Your institution’s library has access to a number of Gale’s primary source collections, and they can be found by clicking on the Available Text links on the Home Page or in the Learning Center. Most of Gale’s archival collections are text mineable, with the exception of those that are primarily manuscript-based or have specific rights restrictions that prevent text mining at this time:

  • British Literary Manuscripts Online
  • Chatham House Archive
  • Early Arabic Printed Books
  • The Financial Times Historical Archive
  • State Papers Online
  • National Geographic Magazine Archive

Hand-written texts (including Arabic texts) present considerable difficulty in rendering the content in plain text due to limitations on handwritten text recognition. While OCR engines are continuously improving their ability to recognize a wide variety of character sets, the variables presented by handwritten text remain challenging to most platforms today. Even so, Gale has employed a number of new technologies to derive OCR from manuscript collections like the Crime and Punishment module of the Nineteenth Century Collections Online (NCCO) and will continue to create and advance the state of manuscript OCR in the future.

How much content can I analyze in Gale Digital Scholar Lab?

At present, users are limited to 10,000 documents per content set. The limit was determined through consultation with our source library partners, researchers, beta testers, and programmers. It allows us to analyze analysis pipeline performance and make changes to both hardware and software to respond to computational needs in the future.

What digital humanities tools are included in Gale Digital Scholar Lab? And why were they selected?
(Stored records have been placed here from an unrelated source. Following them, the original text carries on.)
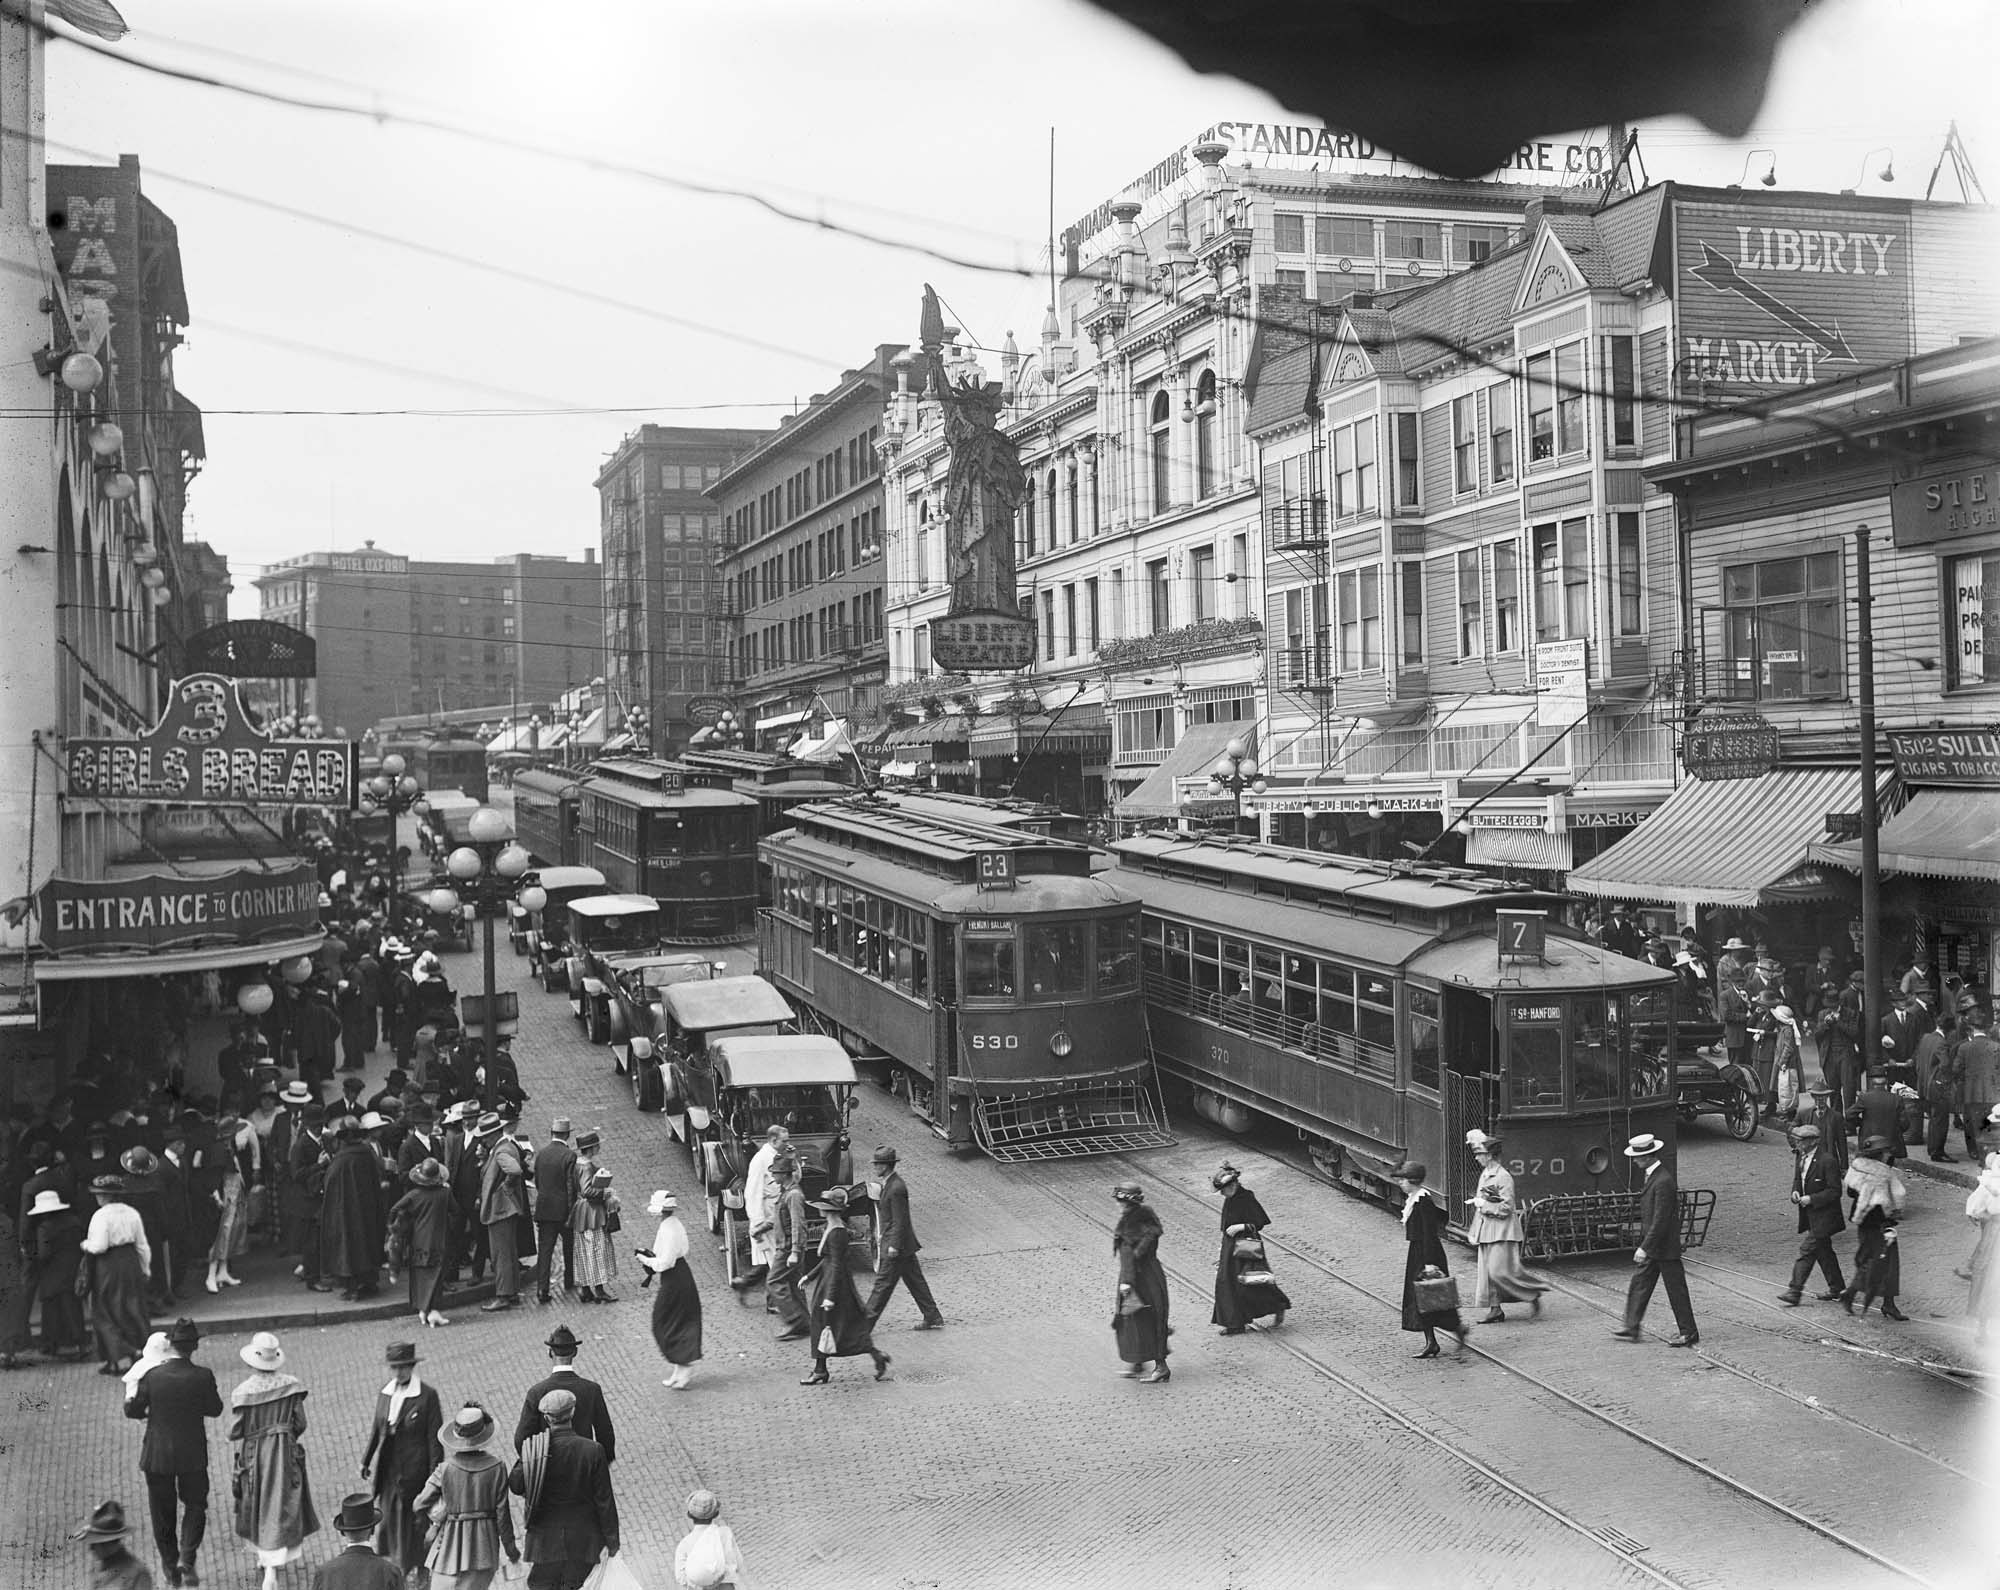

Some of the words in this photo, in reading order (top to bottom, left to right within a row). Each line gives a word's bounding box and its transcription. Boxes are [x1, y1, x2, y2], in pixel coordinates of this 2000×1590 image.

[1217, 121, 1376, 160] STANDARD
[1059, 199, 1114, 257] SNDARD
[1736, 226, 1896, 275] LIBERTY
[1686, 337, 1819, 384] MARKET
[1926, 474, 2000, 510] STE
[937, 622, 1034, 641] LIBERTY
[1539, 677, 1550, 686] FOR
[1551, 675, 1565, 686] RENT
[177, 680, 227, 744] 3
[1894, 736, 1935, 755] 1502
[71, 747, 190, 795] GIRLS
[202, 748, 345, 797] BREAD
[665, 774, 679, 788] 20
[1257, 800, 1299, 812] LIBERTY
[1318, 800, 1360, 811] PUBLIC
[1383, 799, 1439, 811] MARKET
[982, 854, 1008, 878] 23
[56, 894, 208, 931] ENTRANCE
[213, 899, 226, 913] TO
[230, 887, 295, 919] CORNER
[1512, 922, 1528, 949] 7
[1530, 1007, 1561, 1019] HANFORD
[972, 1035, 1019, 1049] 530
[1211, 1045, 1230, 1064] 370
[1508, 1158, 1565, 1176] 370
Gale Digital Scholar Lab includes a variety of tools that support well-known text analysis methods that are both qualitative and quantitative. Four of these tools are open-source and are widely recognized and used in the academic space today; the remaining two tools are built in similar fashion to their Open Source equivalents or utilize Open Source components in the analysis process. Providing these tools along with millions of pages of primary source content and accompanying OCR text gives users the ability to quickly move from corpus creation to text analysis in one platform.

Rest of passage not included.